Let’s have a look at the high-level fine print of the MassMutual American Legend Fixed Indexed Annuity, and then we will discuss each point in detail.
| Field | Information |
|---|---|
Product Name | American Legend 7 |
Issuing Company | |
AM Best Rating | A++ (1st of 13 ratings) |
Withdrawal Charge Period(s) | 7 Years |
Maximum Issue Age | 85 Years (Qualified and Non-qualified) |
Minimum Initial Purchase Amount | $10,000 |
Surrender Charge Schedule | 9%, 8%, 7%, 6%, 5%, 4%, 3%, 0% |
Crediting Period and Strategies |
|
Plan Types |
|
Indexes |
|
Free Withdrawals | 10% of the annuity’s Accumulated Value; per year |
Death Benefit | Upon the annuitant’s death, the beneficiary can either choose from (i) Accumulated Value (Lumpsum) or (ii) Guaranteed Minimum Surrender Value
|
Riders | Two optional riders are available:
|
Surrender Value | Greater of Accumulated/Account Value (less any withdrawal charges/MVA) and the Guaranteed Minimum Surrender Value |
RMD Friendly | Yes |

Product Policy
How does the MassMutual American Legend 7 Fixed Indexed Annuity policy work?
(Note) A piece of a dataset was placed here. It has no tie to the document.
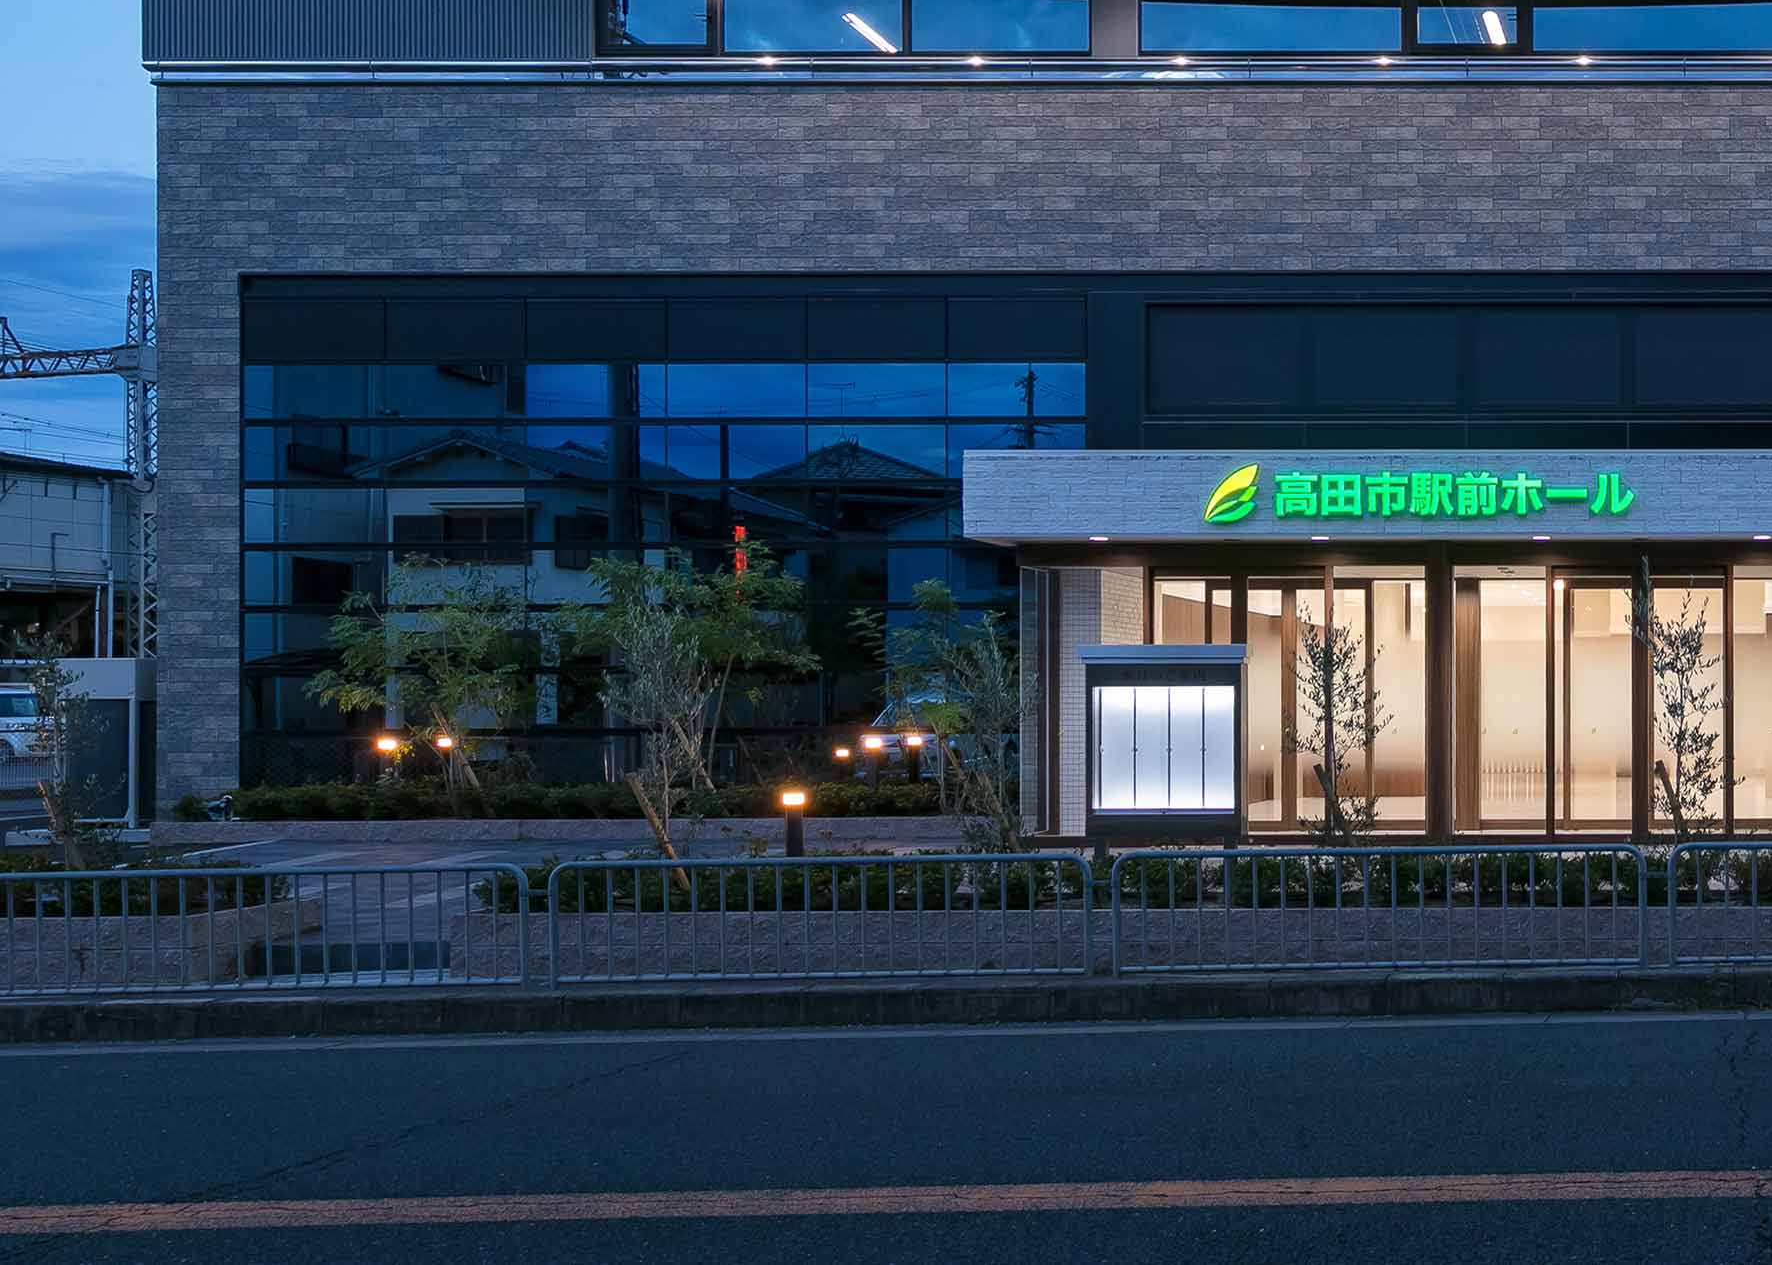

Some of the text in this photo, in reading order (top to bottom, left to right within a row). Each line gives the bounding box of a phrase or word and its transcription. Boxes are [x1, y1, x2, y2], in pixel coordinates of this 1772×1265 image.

[1274, 472, 1634, 517] 高田市駅前ホール
An annuitant (maximum age at the time of policy issue: 85) can purchase the MassMutual American Legend 7 Fixed Indexed Annuity with a minimum initial purchase amount of $10,000, and in return, they will earn market index returns (calculated through a formula that we will discuss shortly), credited as per the chosen crediting period. Apart from the regular crediting period, various events may trigger earnings credit, including free withdrawals, long-term care events, terminal illness or injury events, or when a death benefit is payable.
The American Legend 7 Fixed Indexed Annuity offers the annuitant the choice of one or more of the five indexes (S&P 500 Index, S&P 500 Risk Control Index, iShares U.S. Real Estate Index, SPDR GLD Index, S&P U.S. Retiree Spending Index, First Trust Barclays Edge Index) to determine their earnings crediting formula. The S&P 500 index and the First Trust Barclays Edge Index employ two crediting strategies, whereas the other indexes each have a single crediting strategy. The plan also offers a fixed-rate guaranteed interest strategy to choose from, making a total of 9 strategy options. We will discuss each available index briefly:
1. S&P 500 Index
The S&P 500 index is one of the most popular and oldest indexes in the world. It tracks 500 large-cap publicly traded stocks listed in the United States. It is a reliable index and has often succeeded in the test of time.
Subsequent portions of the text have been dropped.